On Fri Mar 6, 2026 at 12:48 AM GMT, Alexandre Courbot wrote:
> On Thu Mar 5, 2026 at 8:16 PM JST, Danilo Krummrich wrote:
>> @Alex: It also seems that this is based on broken code, i.e. I noticed how
>> the
>> DMA read is done in this case in e.g. gsp_read_ptr().
>>
>> fn cpu_read_ptr(&self) -> u32 {
>> let gsp_mem = self.0.start_ptr();
>>
>> // SAFETY:
>> // - The ['CoherentAllocation'] contains at least one object.
>> // - By the invariants of CoherentAllocation the pointer is valid.

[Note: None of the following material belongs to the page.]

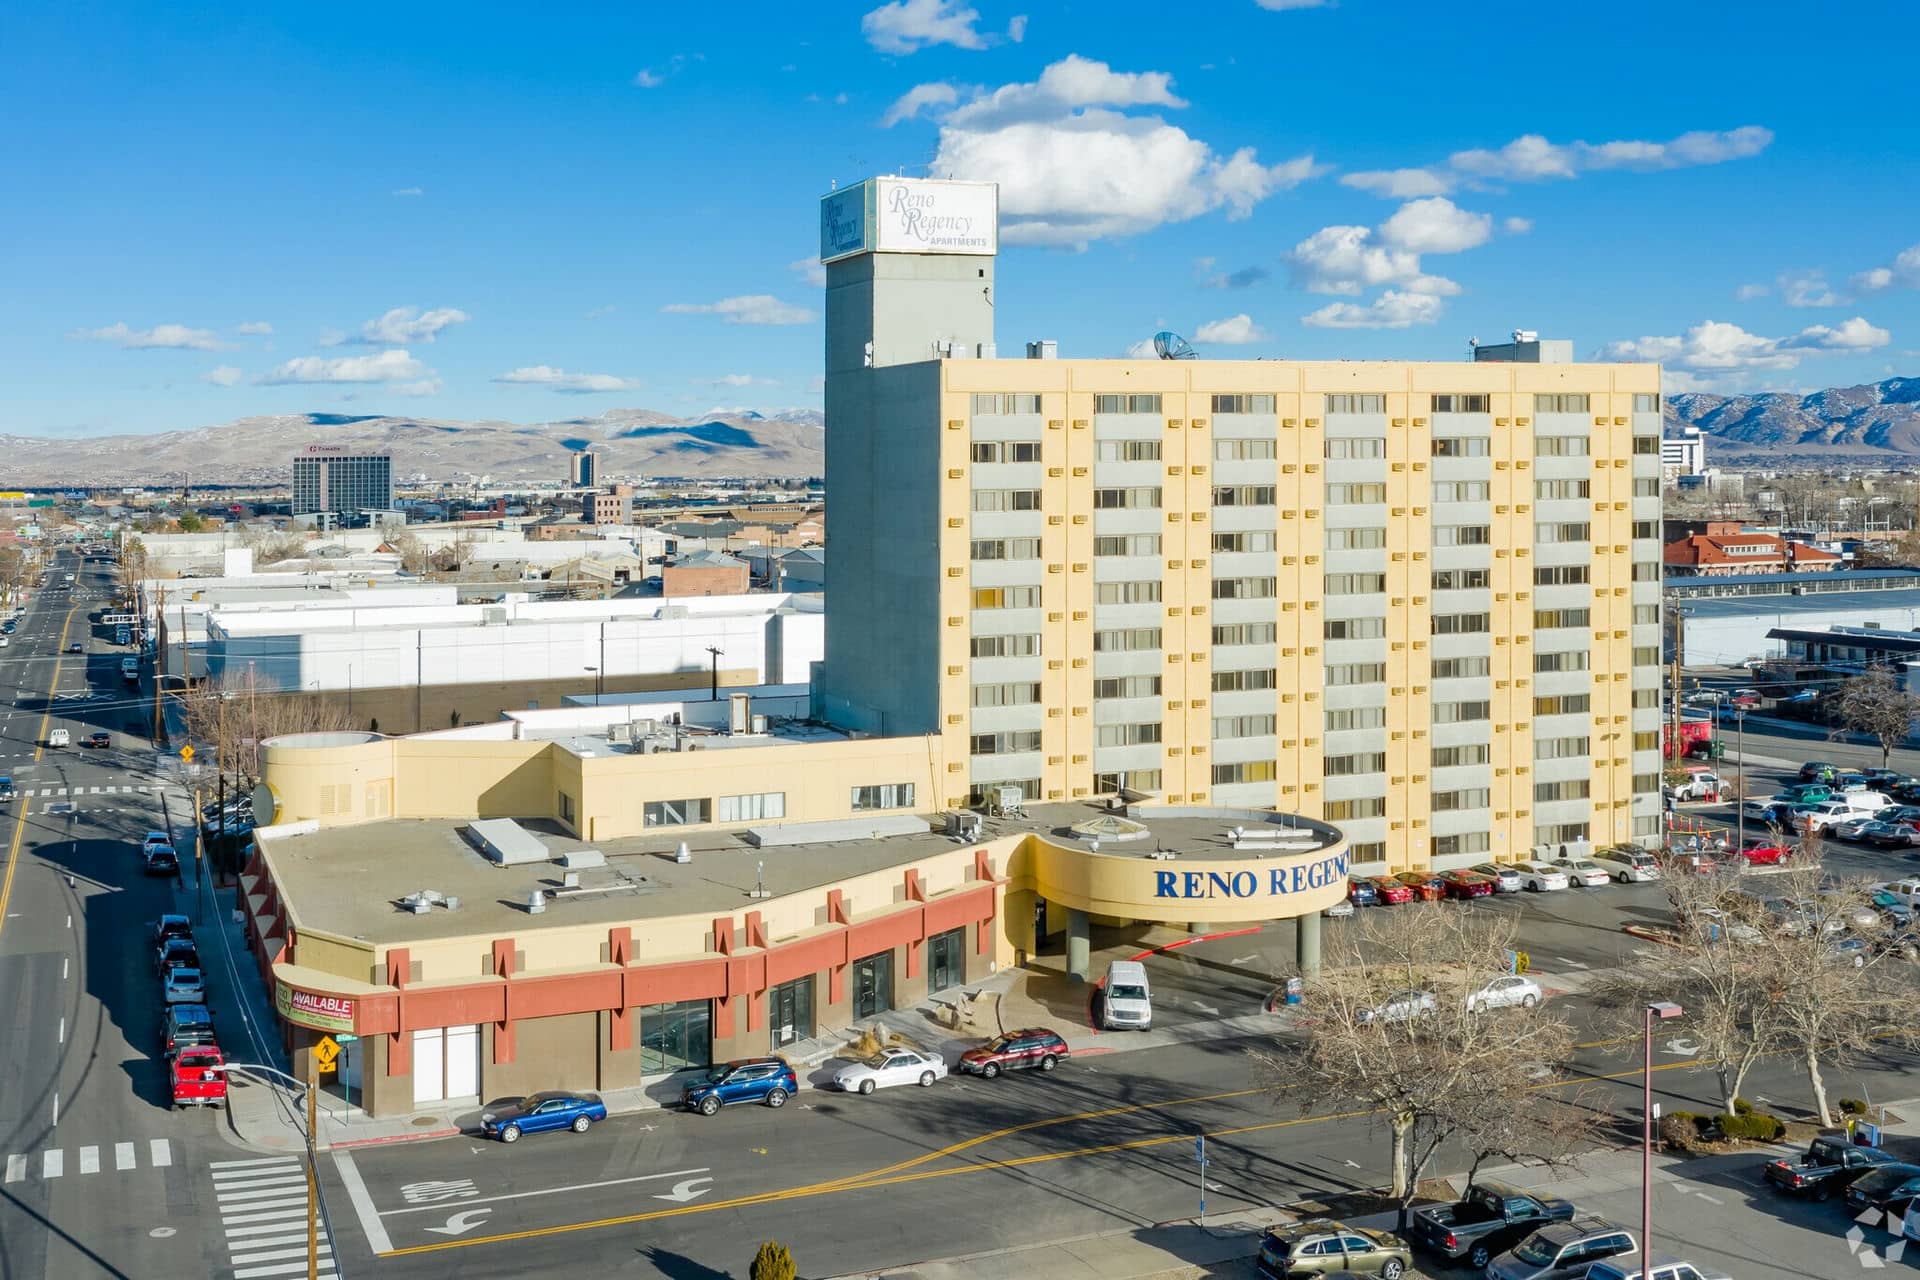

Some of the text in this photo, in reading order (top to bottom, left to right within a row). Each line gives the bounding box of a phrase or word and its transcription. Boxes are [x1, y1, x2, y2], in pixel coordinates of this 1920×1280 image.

>> (unsafe { (*gsp_mem).cpuq.rx.read_ptr() } % MSGQ_NUM_PAGES)
>> }
>>
>> Why isn't this using dma_read!()? I think creating this reference is UB.
>
> We can't - technically we would have to have the `dma_read` in `cmdq.rs`
> so it can access the `CoherentAllocation` (and do an unwrap in the
> process):
>
> dma_read!(self.0, 0, .gspq.rx.0.readPtr).unwrap()
>
> ... but that cannot be done as `MsgqRxHeader` is part of the bindings
> (i.e. in `fw.rs`) and thus its internal fields are not visible to
> `cmdq.rs`, as per our policy of making the bindigns opaque.
>
> This can probably be done better with I/O projections, but for now we
> have to do the read_volatile by ourselves. What makes this reference UB
> btw?
MsgqRxHeader does not have interior mutability and is not pinned. Thus data must
not change underneath a `&MsgRxHeader`, which isn't true.
To correct this you need to make all methods take a pointer rather than
reference, or wrap the raw binding data inside `Opaque<>`.